WORK ORDER:
Print all the records below exactly as they stand, but leave out the pictures.

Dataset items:
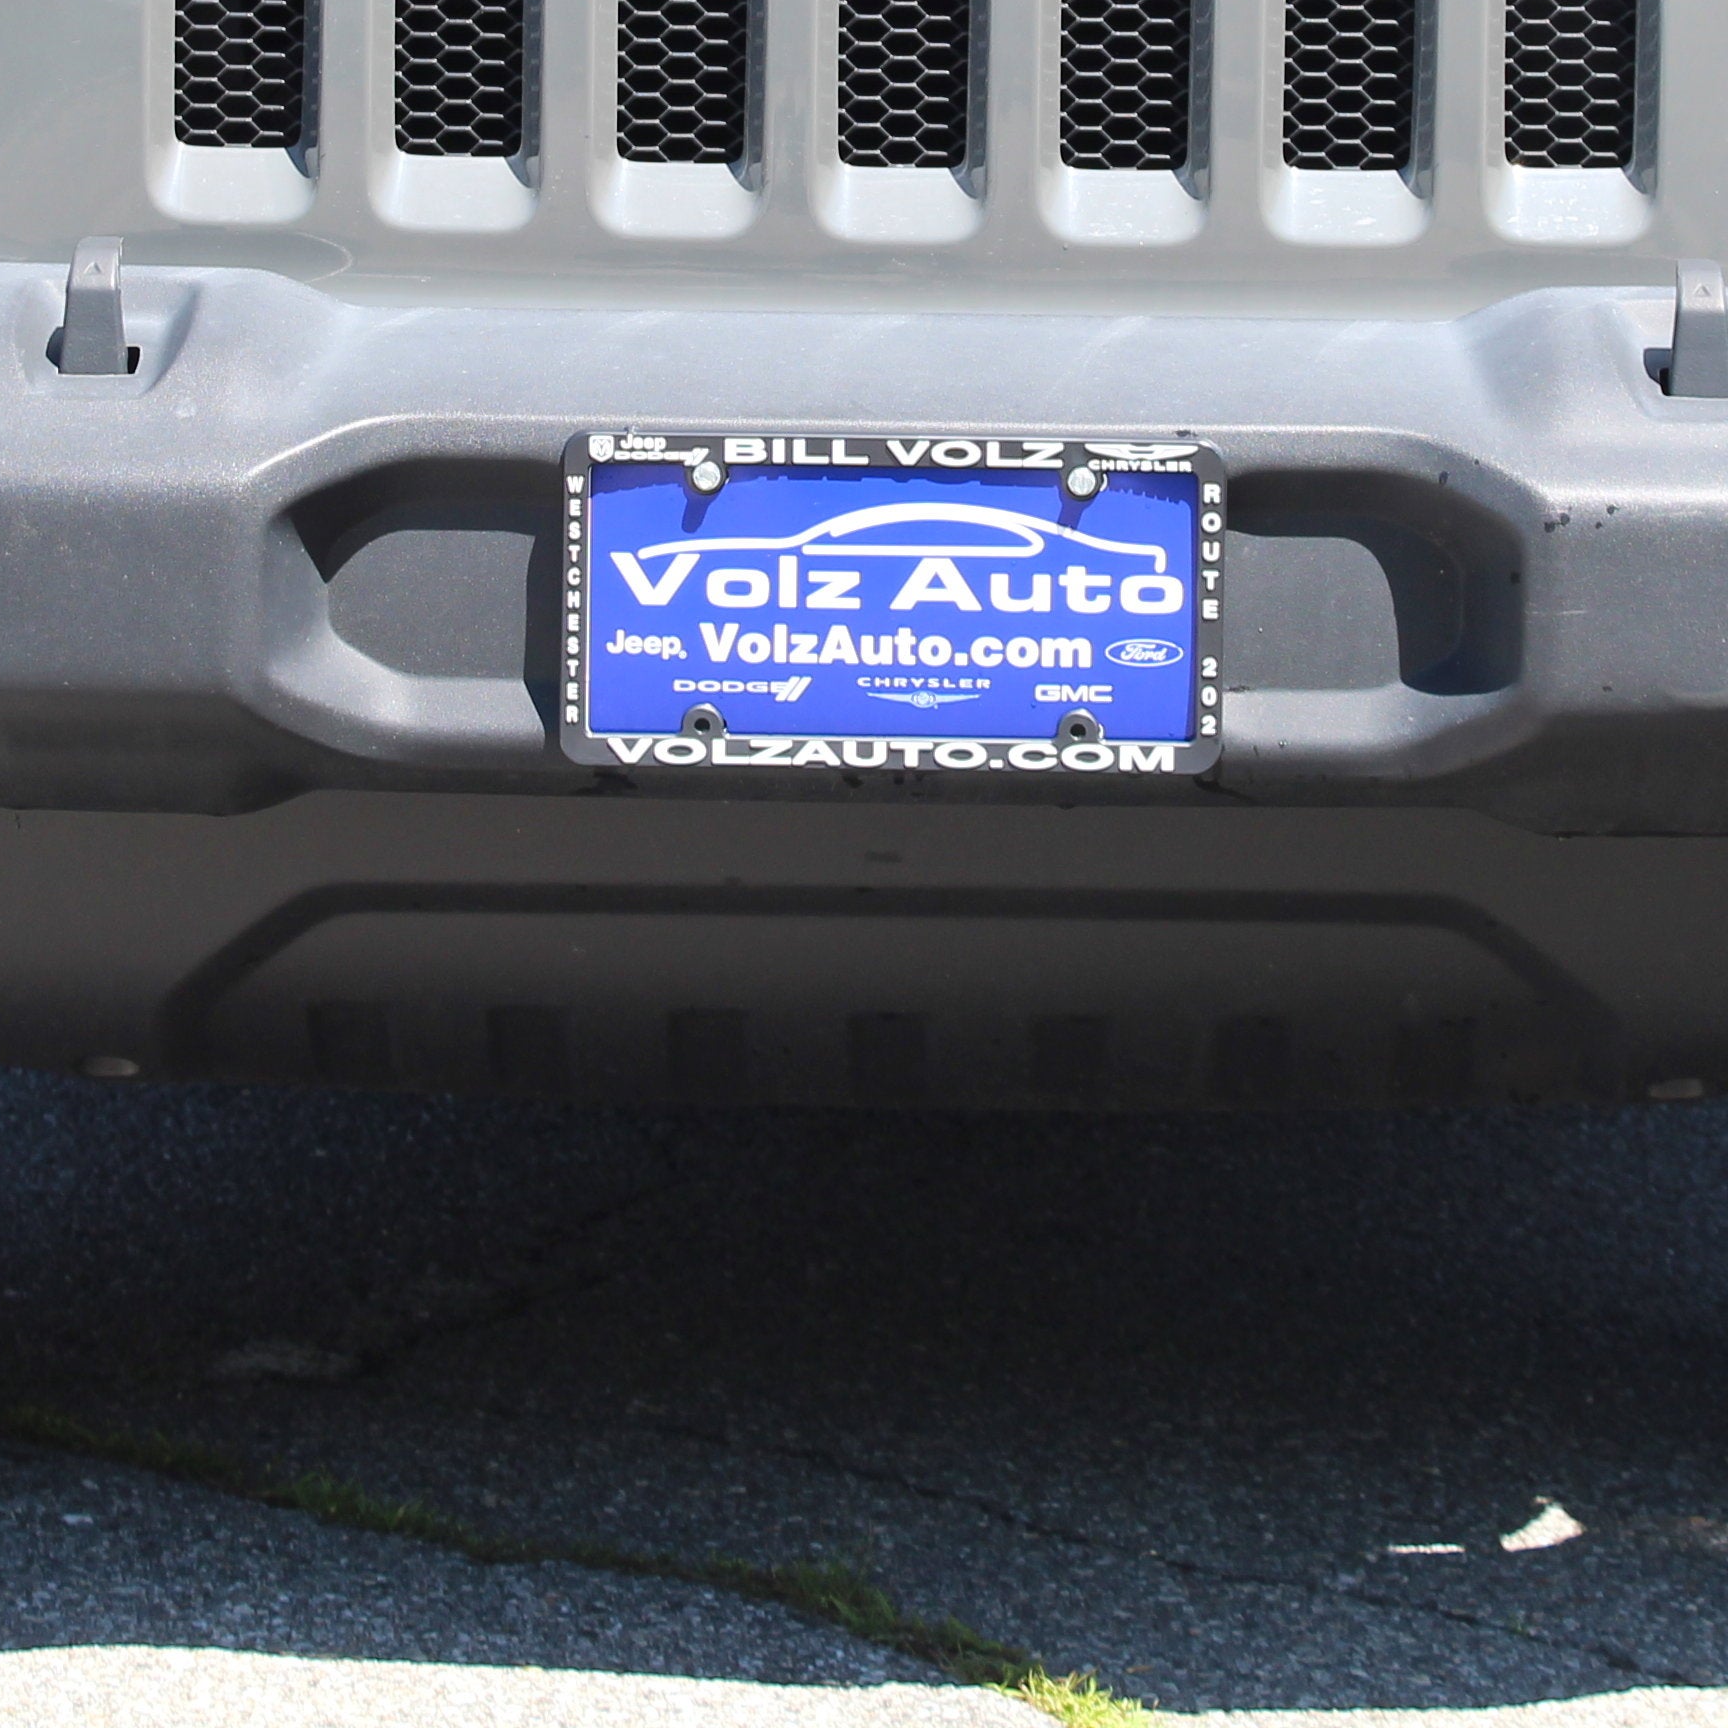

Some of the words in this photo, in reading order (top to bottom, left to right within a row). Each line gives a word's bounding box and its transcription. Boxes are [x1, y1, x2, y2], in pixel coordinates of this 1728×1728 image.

[619, 433, 667, 452] Jeep
[724, 437, 870, 466] BILL
[885, 439, 1065, 469] VOLZ
[1087, 458, 1193, 474] CHRYSLER
[1201, 482, 1222, 621] ROUTE
[609, 551, 863, 610] Volz
[888, 556, 1185, 615] Auto
[564, 475, 584, 725] WESTCHESTER
[605, 629, 682, 660] Jeep
[699, 622, 1093, 669] VolzAuto.com
[672, 678, 789, 694] DODGE
[856, 676, 992, 690] CHRYSLER
[1034, 683, 1114, 704] GMC
[1200, 656, 1219, 737] 202
[606, 736, 1176, 773] VOLZAUTO.COM

EXERCISE OUTPUT:
Some of the words in this photo, in reading order (top to bottom, left to right within a row). Each line gives a word's bounding box and its transcription. Boxes are [x1, y1, x2, y2], in pixel coordinates of this 1728×1728 image.

[619, 433, 667, 452] Jeep
[724, 437, 870, 466] BILL
[885, 439, 1065, 469] VOLZ
[1087, 458, 1193, 474] CHRYSLER
[1201, 482, 1222, 621] ROUTE
[609, 551, 863, 610] Volz
[888, 556, 1185, 615] Auto
[564, 475, 584, 725] WESTCHESTER
[605, 629, 682, 660] Jeep
[699, 622, 1093, 669] VolzAuto.com
[672, 678, 789, 694] DODGE
[856, 676, 992, 690] CHRYSLER
[1034, 683, 1114, 704] GMC
[1200, 656, 1219, 737] 202
[606, 736, 1176, 773] VOLZAUTO.COM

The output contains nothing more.